Description of the condition
Overweight and obesity (body mass index (BMI) ≥ 25.0 to 29.9 kg/m2 and BMI ≥ 30 kg/m2 respectively (Who 2013)) are increasingly common among women of reproductive age (Callaway 2006; Vahration 2009). There are many known associations between overweight and obesity and adverse outcomes for both the woman and her infant during pregnancy, birth and the postnatal period.
Overweight and obesity are known to be associated with many adverse general health conditions such as hypertension (Kurukulasuriya 2011), diabetes (Reaven 2011) and PCOS (polycystic ovary syndrome) (Gambineri 2002). PCOS is a common cause of decreased fertility (also known as infertility/subfertility, or failure to achieve pregnancy within a specific timeframe) in women of reproductive ages (Hull 1987) and is associated with several late pregnancy complications (Bjercke 2002). Whilst overweight and obesity is associated with reduced fertility, the specific preconception management of women with known subfertility will not be discussed in this review as it is discussed in another Cochrane review (Anderson 2010).

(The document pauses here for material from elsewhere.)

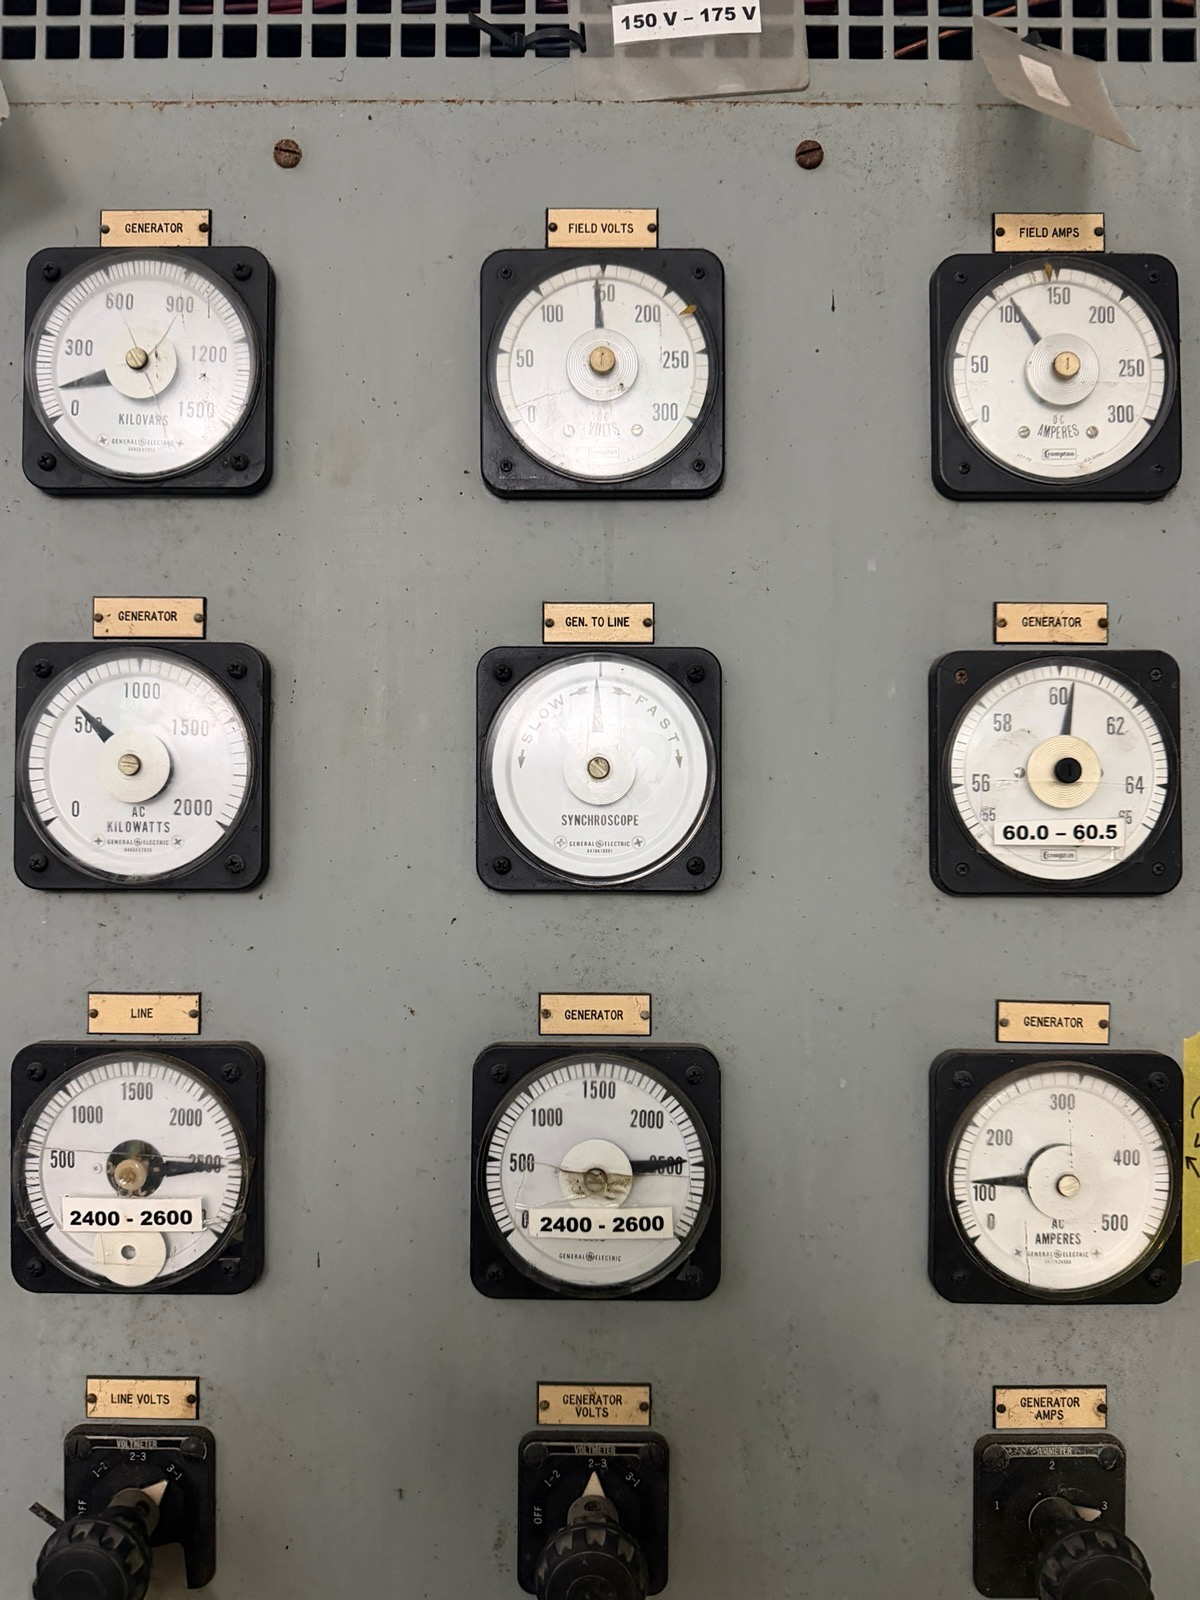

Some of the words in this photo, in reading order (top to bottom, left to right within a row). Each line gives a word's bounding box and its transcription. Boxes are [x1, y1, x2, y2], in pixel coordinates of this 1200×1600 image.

During pregnancy overweight or obese women are at increased risk of experiencing a miscarriage (Frederick 2013), developing impaired glucose tolerance (decreased ability to control blood glucose levels) (Frederick 2013), sleep apnea (a sleep disorder involving pauses in breathing) (Frederick 2013), pre-eclampsia (pregnancy-related hypertension), chorioamnionitis (infection of the amniotic fluid surrounding the infant or of the membranes) (Raatikainen 2006) and preterm birth (Catalano 2006; Galtier 2008). There are additional risks of complications during labour and birth, including the need for induction of labour or caesarean birth (Catalano 2006), and also the risk of postpartum haemorrhage. Throughout the pregnancy and after the birth, overweight or obese women are also at higher risk of venous thromboembolism (a blood clot in the veins that can then break off and spread to other parts of the body) (Gray 2012).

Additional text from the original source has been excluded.